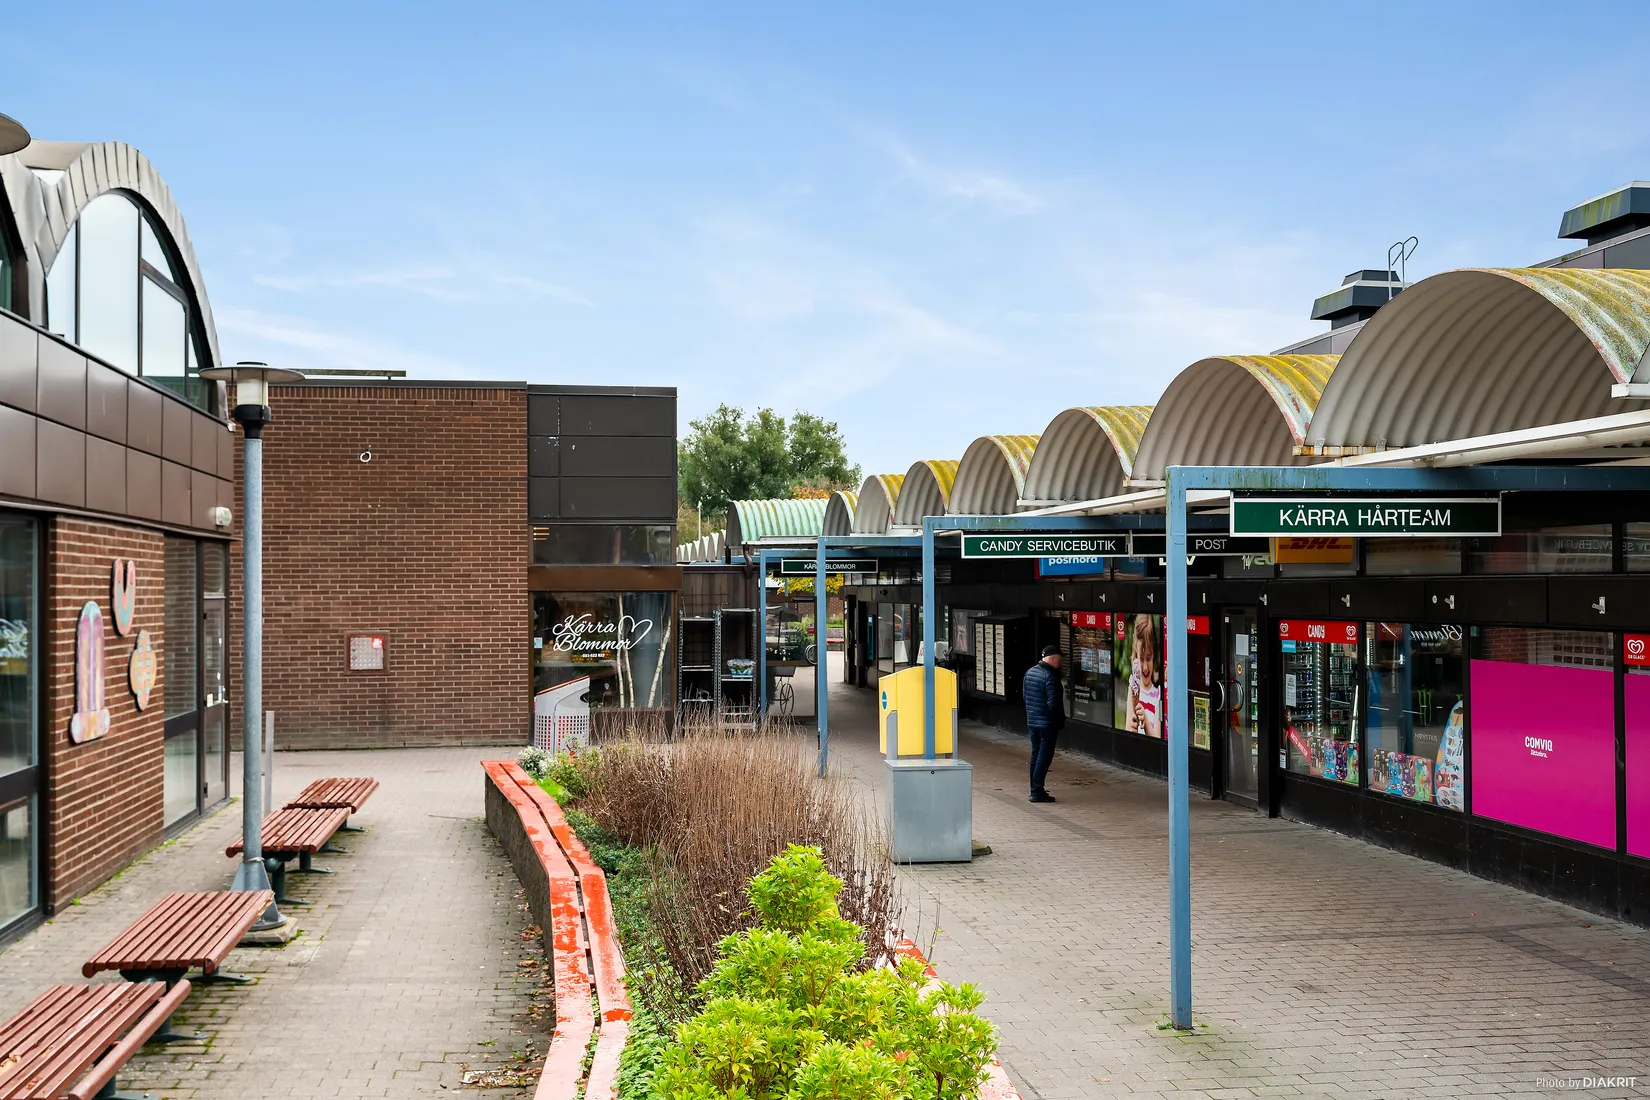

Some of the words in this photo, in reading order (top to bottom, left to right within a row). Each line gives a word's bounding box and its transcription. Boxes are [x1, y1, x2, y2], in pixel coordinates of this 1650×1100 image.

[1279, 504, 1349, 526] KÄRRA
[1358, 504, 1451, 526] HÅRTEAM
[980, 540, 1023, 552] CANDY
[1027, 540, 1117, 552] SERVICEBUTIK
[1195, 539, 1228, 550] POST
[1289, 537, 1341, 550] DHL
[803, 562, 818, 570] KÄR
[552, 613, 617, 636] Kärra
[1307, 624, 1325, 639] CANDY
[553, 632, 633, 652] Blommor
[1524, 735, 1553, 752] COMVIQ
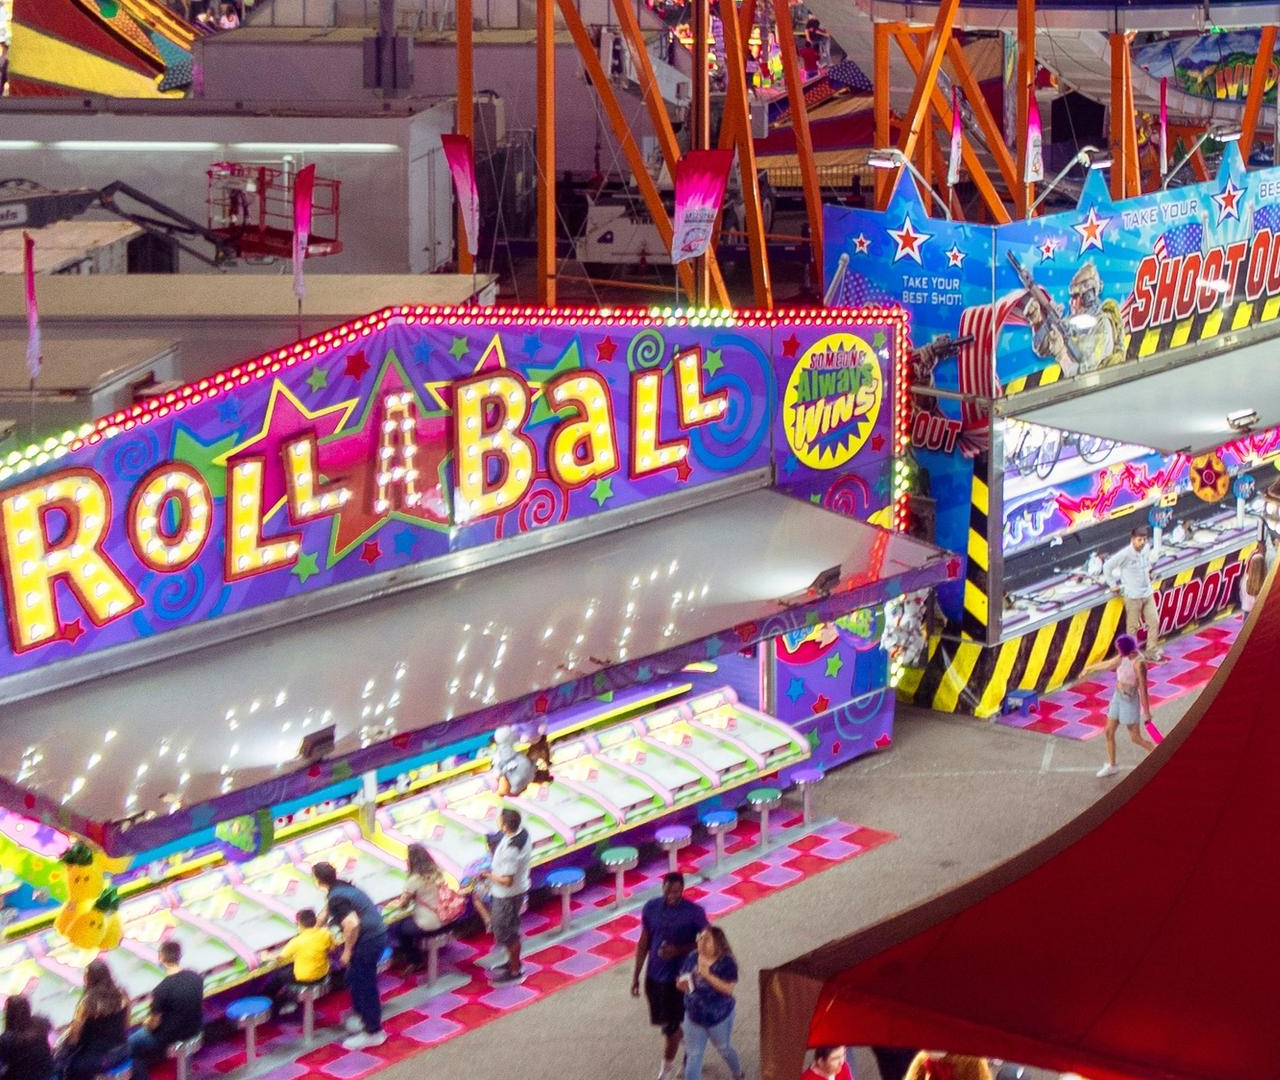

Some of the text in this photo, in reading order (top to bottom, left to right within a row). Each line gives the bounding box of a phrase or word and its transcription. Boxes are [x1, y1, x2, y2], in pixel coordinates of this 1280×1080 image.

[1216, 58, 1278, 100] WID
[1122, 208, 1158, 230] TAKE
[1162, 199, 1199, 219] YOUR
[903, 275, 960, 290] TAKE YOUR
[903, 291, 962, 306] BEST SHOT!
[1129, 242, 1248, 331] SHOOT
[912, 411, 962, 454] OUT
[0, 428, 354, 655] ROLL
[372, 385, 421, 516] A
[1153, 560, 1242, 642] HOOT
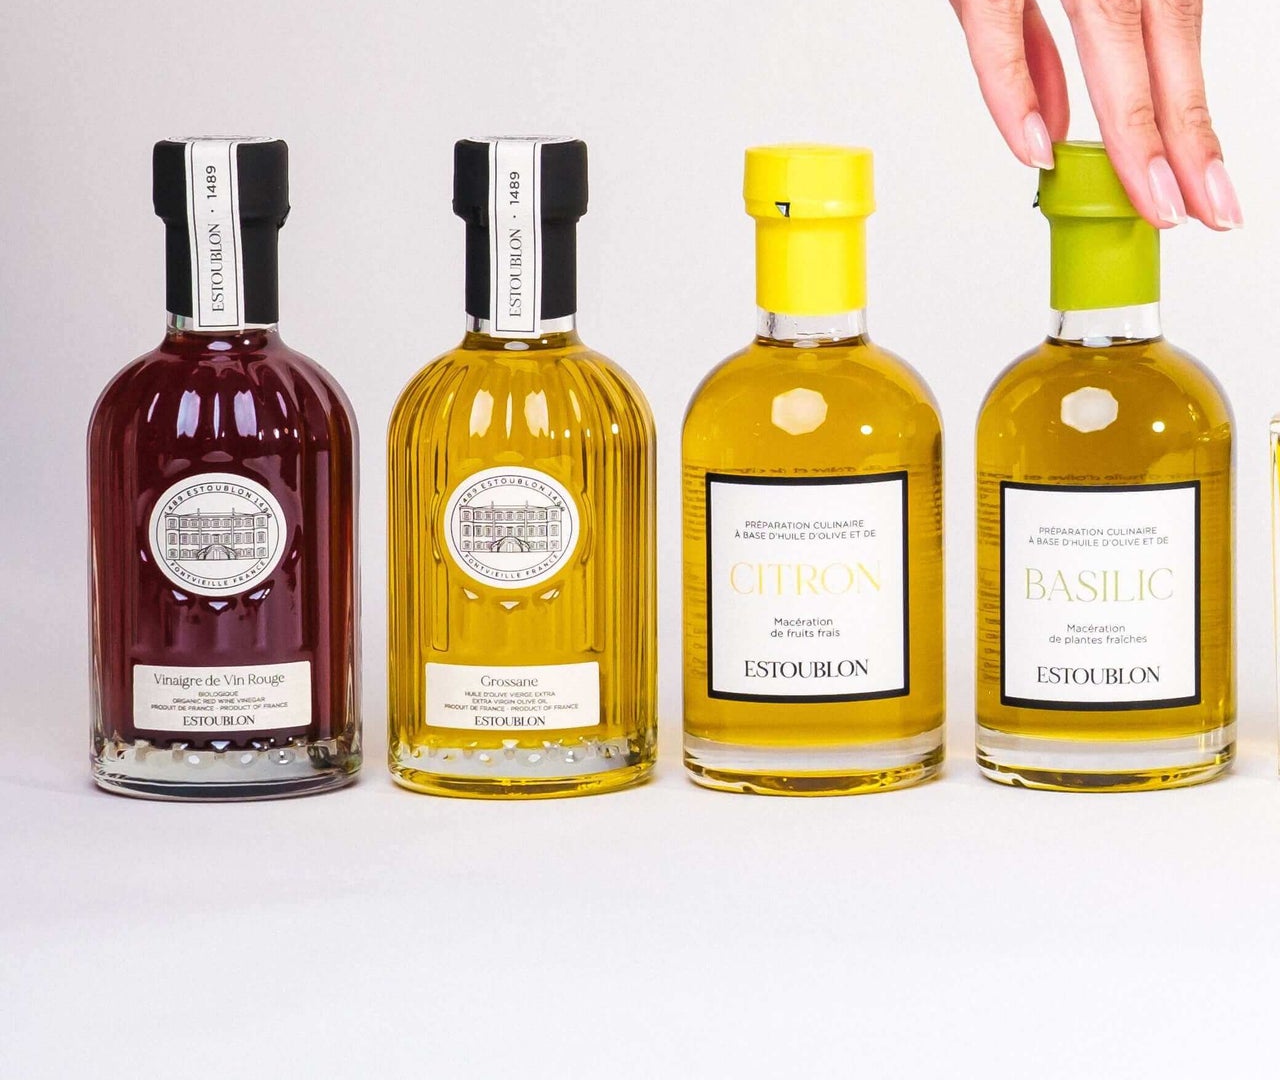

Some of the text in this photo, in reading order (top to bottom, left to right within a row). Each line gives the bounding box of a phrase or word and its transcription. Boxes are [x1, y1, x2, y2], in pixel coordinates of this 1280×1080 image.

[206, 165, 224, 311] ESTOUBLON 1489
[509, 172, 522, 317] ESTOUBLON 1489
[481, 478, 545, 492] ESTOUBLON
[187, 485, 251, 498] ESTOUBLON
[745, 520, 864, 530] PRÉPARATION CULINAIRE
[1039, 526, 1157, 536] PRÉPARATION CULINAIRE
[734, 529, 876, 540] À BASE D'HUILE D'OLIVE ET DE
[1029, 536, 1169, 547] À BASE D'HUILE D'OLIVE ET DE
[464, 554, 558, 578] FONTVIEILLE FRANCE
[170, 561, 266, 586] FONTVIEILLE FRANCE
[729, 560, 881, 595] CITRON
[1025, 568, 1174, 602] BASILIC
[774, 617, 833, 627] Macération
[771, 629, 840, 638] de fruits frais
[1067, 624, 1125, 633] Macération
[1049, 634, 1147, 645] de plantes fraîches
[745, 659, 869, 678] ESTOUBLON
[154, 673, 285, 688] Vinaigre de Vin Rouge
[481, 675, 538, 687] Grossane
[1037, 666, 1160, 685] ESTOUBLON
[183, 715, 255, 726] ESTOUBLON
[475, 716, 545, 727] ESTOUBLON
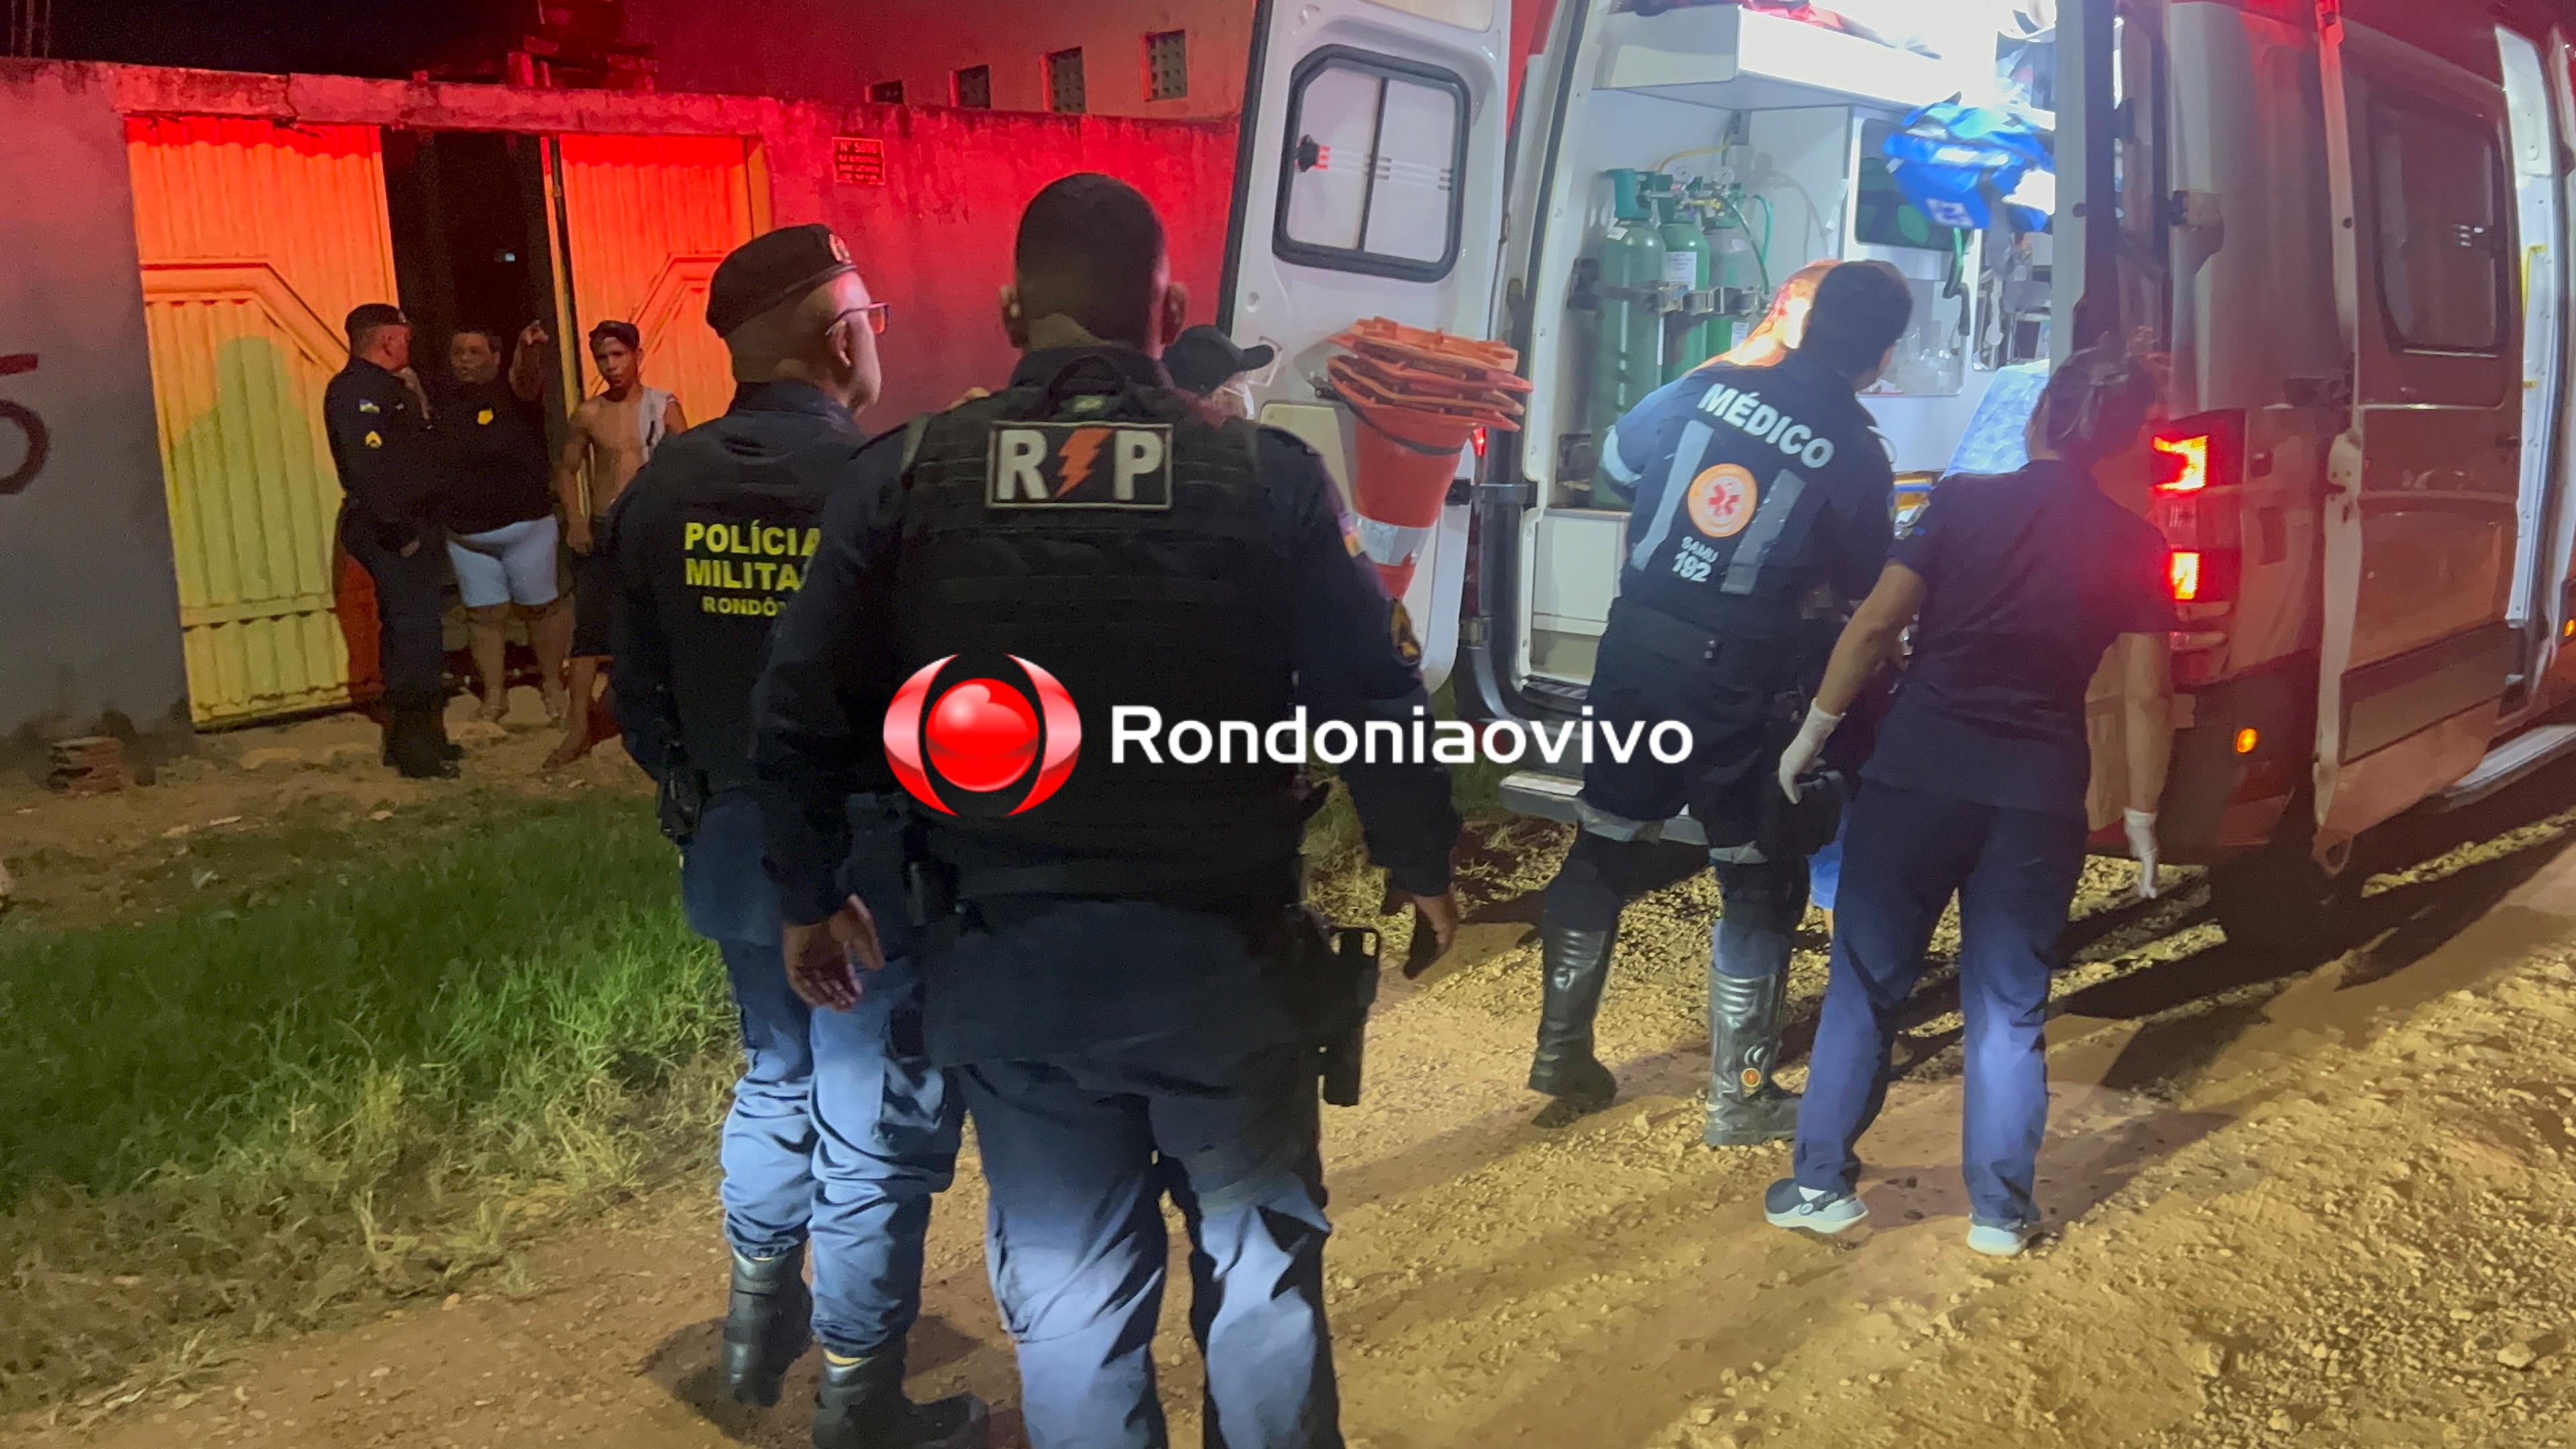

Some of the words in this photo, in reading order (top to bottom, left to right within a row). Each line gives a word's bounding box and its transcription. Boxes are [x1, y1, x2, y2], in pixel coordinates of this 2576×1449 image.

* **WHAT THIS TASK INVOLVES**: The data above must be reproduced exactly, without any of its pictures.

* **SOLUTION TO THE EXERCISE**:
Some of the words in this photo, in reading order (top to bottom, left to right within a row). Each line gives a word's bounding box and its transcription. Boxes are [x1, y1, x2, y2], in pixel coordinates of this 1650×1100 image.

[1279, 504, 1349, 526] KÄRRA
[1358, 504, 1451, 526] HÅRTEAM
[980, 540, 1023, 552] CANDY
[1027, 540, 1117, 552] SERVICEBUTIK
[1195, 539, 1228, 550] POST
[1289, 537, 1341, 550] DHL
[803, 562, 818, 570] KÄR
[552, 613, 617, 636] Kärra
[1307, 624, 1325, 639] CANDY
[553, 632, 633, 652] Blommor
[1524, 735, 1553, 752] COMVIQ

Some of the text in this photo, in reading order (top to bottom, left to right within a row). Each line gives the bounding box of a phrase or word and its transcription. Boxes are [x1, y1, x2, y2], in pixel coordinates of this 1280×1080 image.

[1216, 58, 1278, 100] WID
[1122, 208, 1158, 230] TAKE
[1162, 199, 1199, 219] YOUR
[903, 275, 960, 290] TAKE YOUR
[903, 291, 962, 306] BEST SHOT!
[1129, 242, 1248, 331] SHOOT
[912, 411, 962, 454] OUT
[0, 428, 354, 655] ROLL
[372, 385, 421, 516] A
[1153, 560, 1242, 642] HOOT

Some of the text in this photo, in reading order (top to bottom, left to right within a row). Each line gives the bounding box of a phrase or word and its transcription. Boxes are [x1, y1, x2, y2], in pixel coordinates of this 1280×1080 image.

[206, 165, 224, 311] ESTOUBLON 1489
[509, 172, 522, 317] ESTOUBLON 1489
[481, 478, 545, 492] ESTOUBLON
[187, 485, 251, 498] ESTOUBLON
[745, 520, 864, 530] PRÉPARATION CULINAIRE
[1039, 526, 1157, 536] PRÉPARATION CULINAIRE
[734, 529, 876, 540] À BASE D'HUILE D'OLIVE ET DE
[1029, 536, 1169, 547] À BASE D'HUILE D'OLIVE ET DE
[464, 554, 558, 578] FONTVIEILLE FRANCE
[170, 561, 266, 586] FONTVIEILLE FRANCE
[729, 560, 881, 595] CITRON
[1025, 568, 1174, 602] BASILIC
[774, 617, 833, 627] Macération
[771, 629, 840, 638] de fruits frais
[1067, 624, 1125, 633] Macération
[1049, 634, 1147, 645] de plantes fraîches
[745, 659, 869, 678] ESTOUBLON
[154, 673, 285, 688] Vinaigre de Vin Rouge
[481, 675, 538, 687] Grossane
[1037, 666, 1160, 685] ESTOUBLON
[183, 715, 255, 726] ESTOUBLON
[475, 716, 545, 727] ESTOUBLON

Some of the words in this photo, in reading order (top to bottom, left to right within a row). Each line gives a word's bounding box and its transcription. Boxes are [x1, y1, x2, y2], in pixel coordinates of this 2576×1449 image.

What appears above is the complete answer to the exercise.